| Summary: | This thesis presents the Effective Hamiltonian of Crystal Field (EHCF) method, a hybrid quantum chemical method developed for an accurate treatment of strongly correlated d-shells of transition metal atoms embedded into periodic
systems. The main emphasis is made on the quantitative description of local d-d (crystal field) electronic transitions. EHCF is based on dividing a space of one-electron states in two subspaces separately spanned by d- and s,p-atomic orbitals. The many-electron wave function of the correlated d-system is expressed in the configuration interaction form, while the s,p-subsystem is described by the single-reference wave function. Resonance interactions between subsystems are considered by the Löwdin partitioning technique combined with the Green function formalism.
The test results for a series of transition metal (TM) oxides and TM dopants in oxide materials demonstrate the ability of EHCF to accurately reproduce the spin multiplicity and spatial symmetry of the ground state as well as energies and multiplicities of the excited d -states.
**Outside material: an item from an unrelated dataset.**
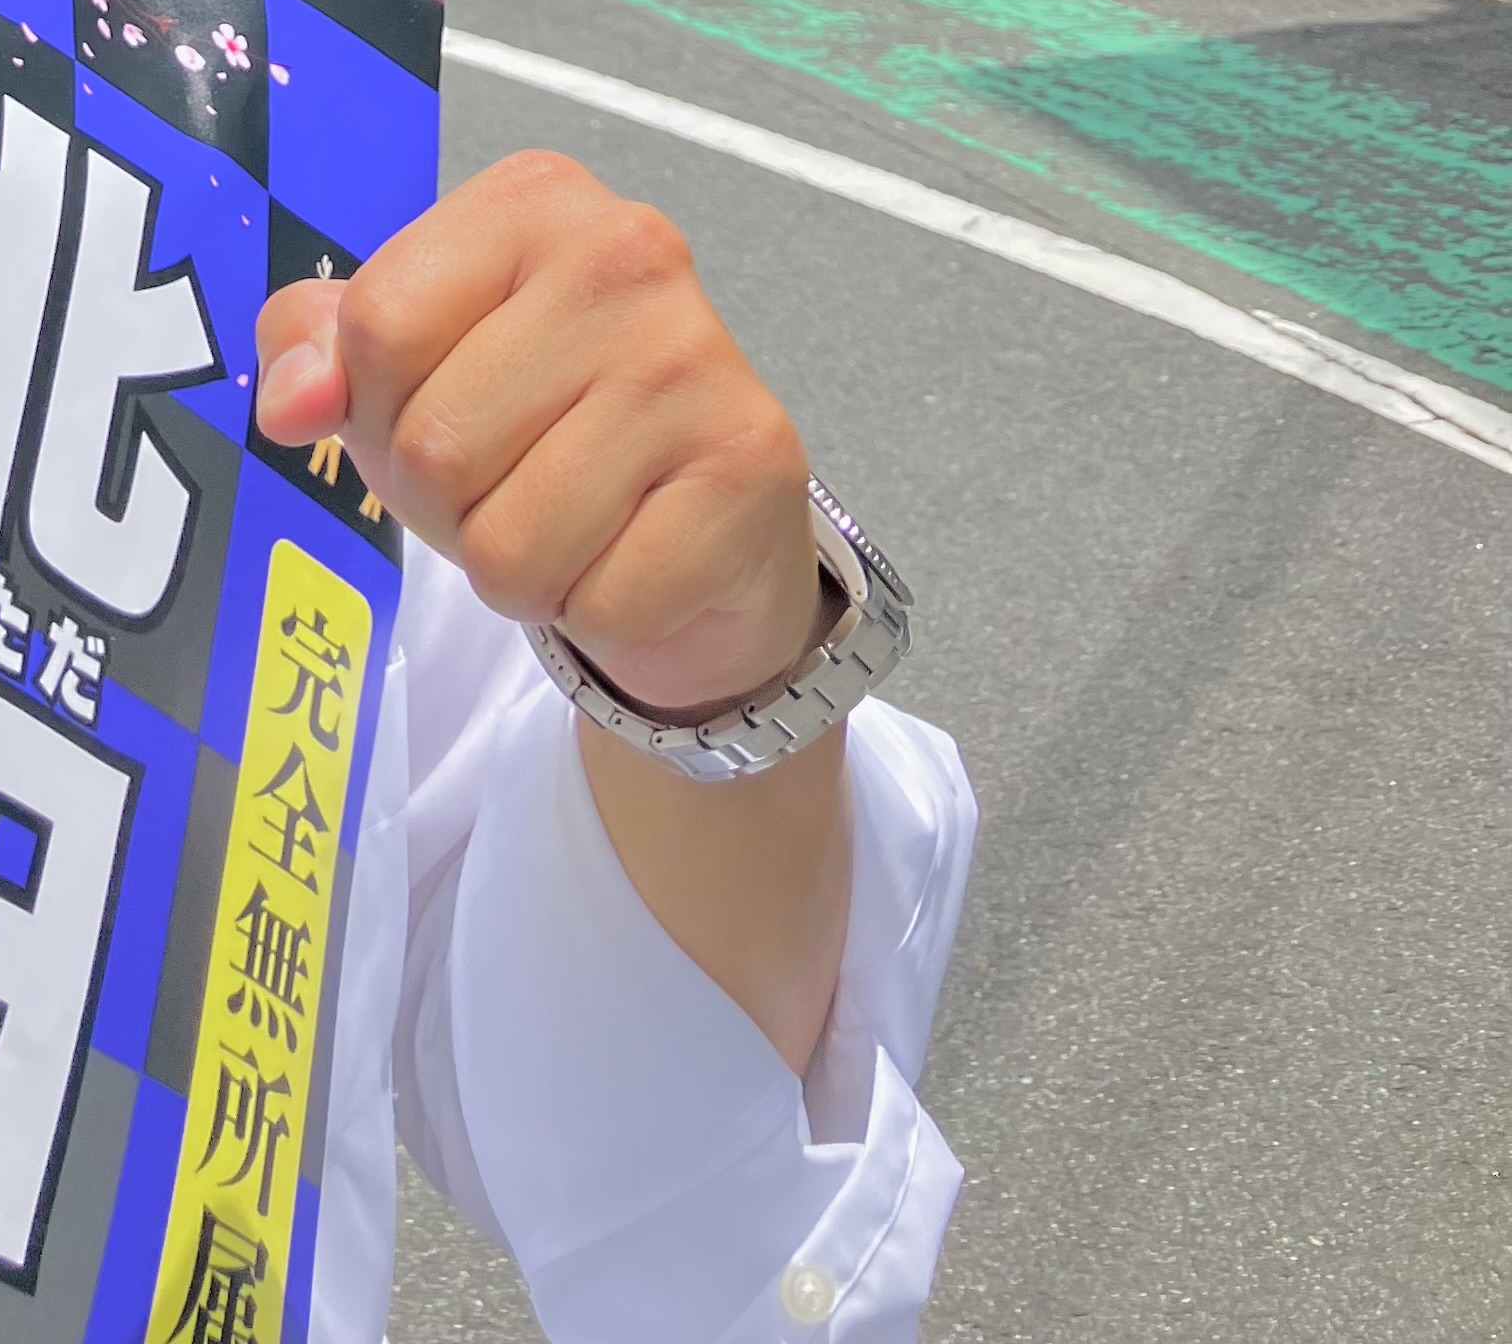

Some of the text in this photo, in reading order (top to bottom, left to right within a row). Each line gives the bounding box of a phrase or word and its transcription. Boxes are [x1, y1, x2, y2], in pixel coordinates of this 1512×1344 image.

For the studied materials, the calculated d -d transitions agree with the lines observed in optical spectra. For iron-containing compounds our calculations allow to reproduce values and temperature dependence of 57 Fe Mössbauer quadrupole splitting observed in experiment.
We apply EHCF to investigate carbodiimides and hydrocyanamides of transition metals, three-dimensional metal-organic frameworks (MOFs) including spin crossover in MOFs, chromium (III) dopants in wide gap materials suitable
for optical and quantum computing applications. We discuss future perspectives of the EHCF method and its place in the context of modern solid-state quantum chemistry and physics.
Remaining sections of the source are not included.